Portable Documents for the Open Web (Part 3)

The first two parts of this three-part series covered the enduring need for portable documents and why PDF’s fundamental architecture is too dated and too limited to fill this need. In this final part, we’ll take a look at EPUB, the format that has rapidly emerged as the open standard for eBooks. It’s my contention that EPUB, not PDF, represents the future of portable documents in our increasingly Web-based world. Why? In short, EPUB addresses all the key limitations of PDF. EPUB is reflowable, accessible, modular (with packaging and content cleanly separated), and based on HTML5 and related Web Standards. It’s a truly open format, developed in a collaborative process to meet global requirements rather than by a single vendor to support its proprietary products. Let’s take a harder look at these points.

EPUB 3 brings the Open Web to portable documents

EPUB 3, the latest version of EPUB, fully embraces HTML5 and related modern Web Standards. Previous versions of EPUB were based on specific subset profiles of HTML and CSS, in effect “borrowing” from these standards. But as a result they were effectively frozen in time. EPUB 2.0.1, completed in 2010, adopts modules from XHTML 1.1, which was completed in 2001 and is based on the Web and browsers of the mid-1990’s.

During the development of EPUB 3 we made a key decision to tightly align with HTML5, SVG, CSS 3, and related modern Web Standards. Rather than defining “frozen” profiles of these standards, the general approach of EPUB 3 is to normatively reference the relevant standards in their entirety. This means that if it’s legal HTML5, it’s legal EPUB 3, period. And as HTML5 evolves, EPUB 3 is committed to evolving with it. This decision has made EPUB 3 much more fundamentally a portable document (as generally defined earlier in this article) packaging of Web content, rather than a distinct format.

As a portable document, an .epub file has within it all of the assets needed to render the publication – content, stylesheets, media, scripts, fonts – in a well-defined, structured, interoperable manner.
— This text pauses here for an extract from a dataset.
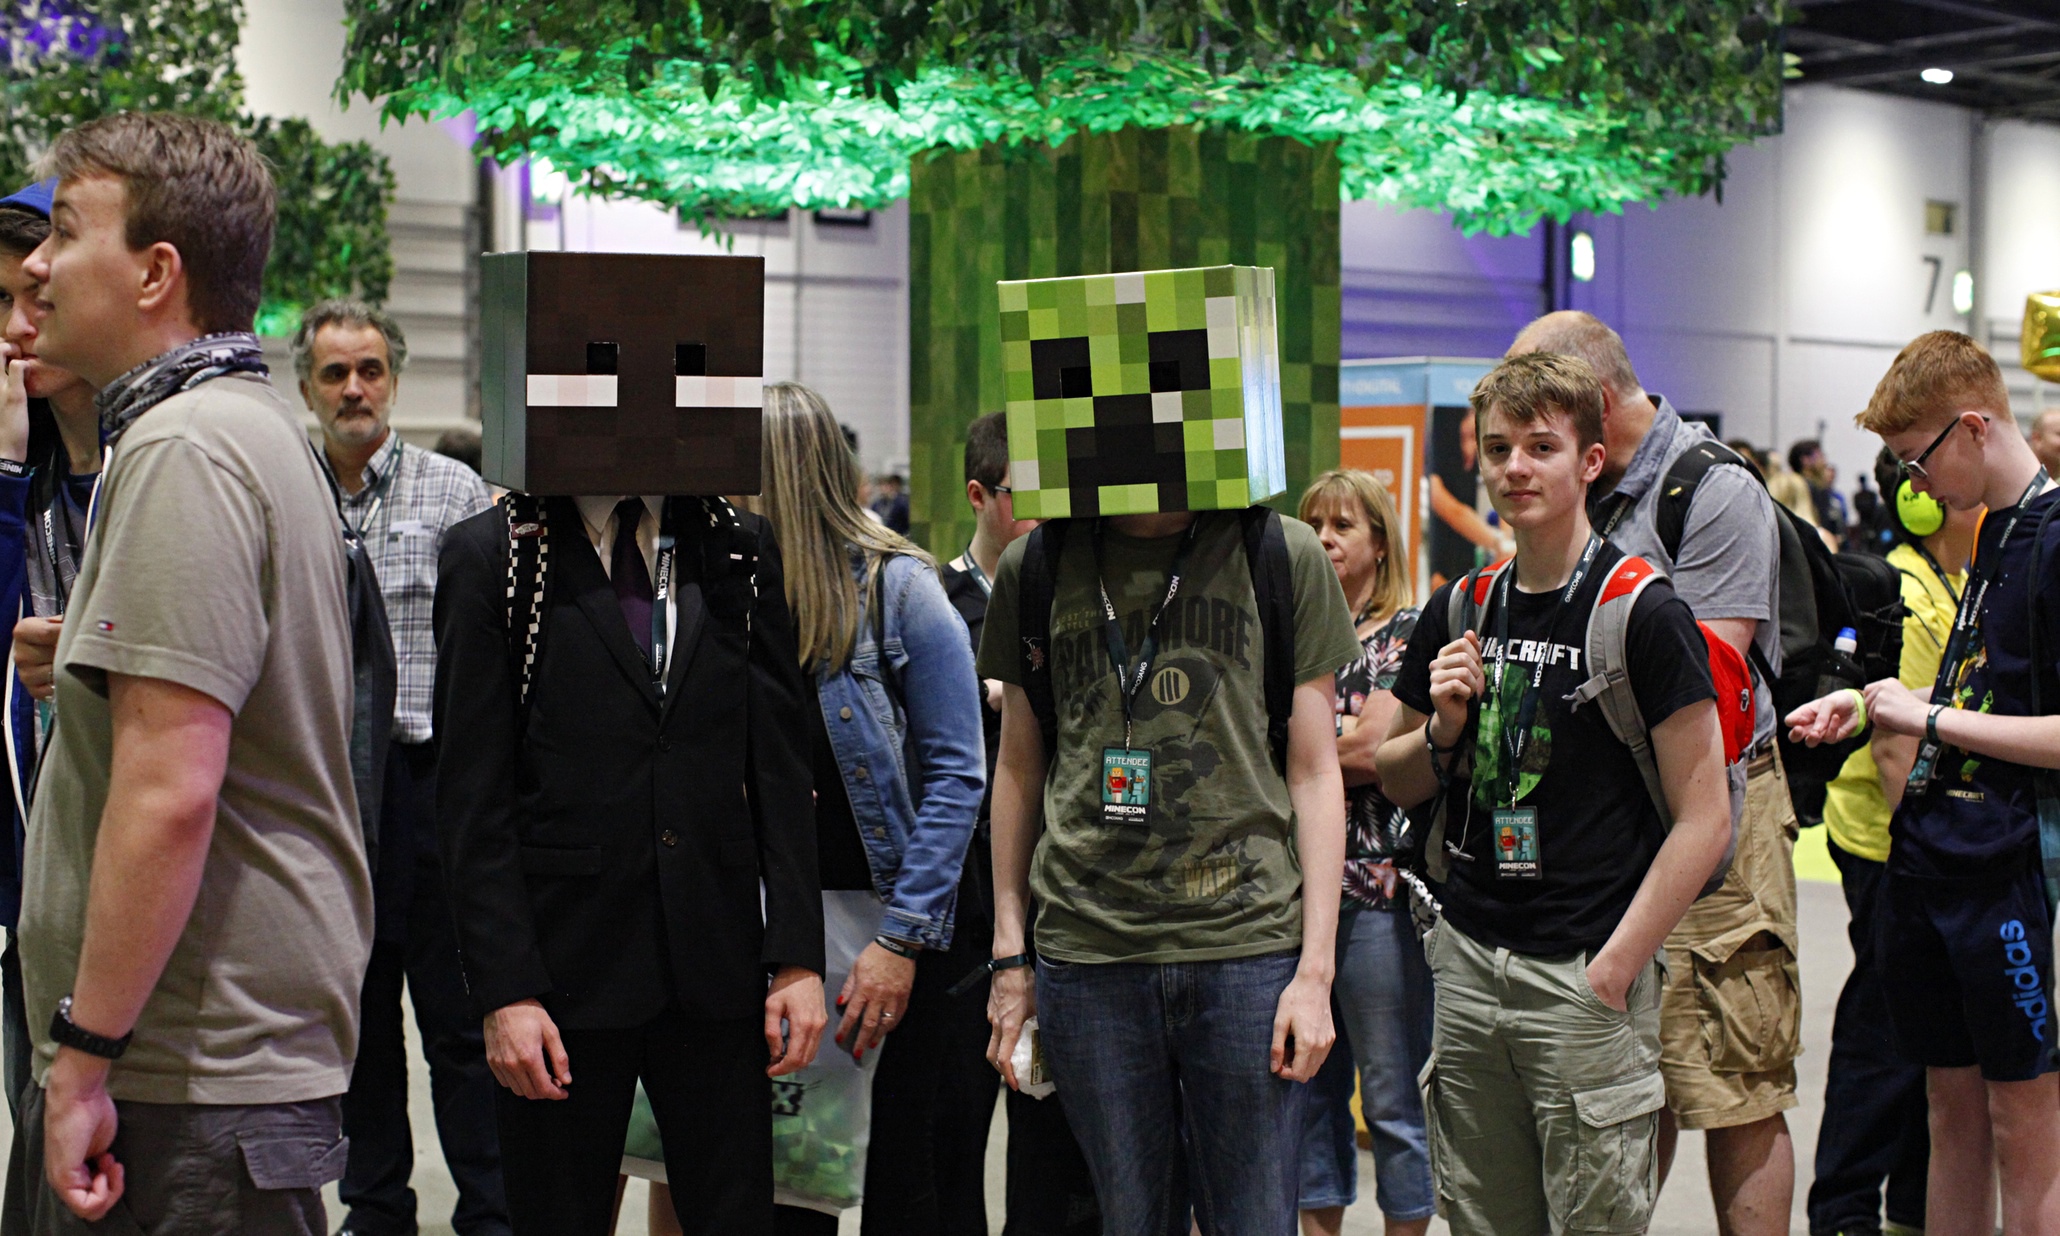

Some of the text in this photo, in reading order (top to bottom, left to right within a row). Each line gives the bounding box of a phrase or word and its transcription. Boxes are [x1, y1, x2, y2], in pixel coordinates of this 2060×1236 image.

You might say that a .epub file is a website “in a box”, one that’s been “domesticated” so that it can be distribute through channels, and used online as well as offline. You can put any website and its dependent assets in a ZIP file, but what makes EPUB is that the content is well-defined: it has a logical reading order, navigable structure, and metadata. You can do more than just toss it to a browser and execute it, seeing what happens: you can process it as data.

EPUB also leverages the universality of Web Standards and open formats like ZIP and XML. With EPUB you can utilize Web development skills and technologies for things like interactivity, forms, and rich media. You get a real runtime DOM (Document Object Model) and associated standard APIs. Critically, you don’t add to a user’s security exposure beyond what they already get with a web browser, and the browser stack is heavily scrutinized by both vendors and 3rd parties, and any exploits are rapidly patched.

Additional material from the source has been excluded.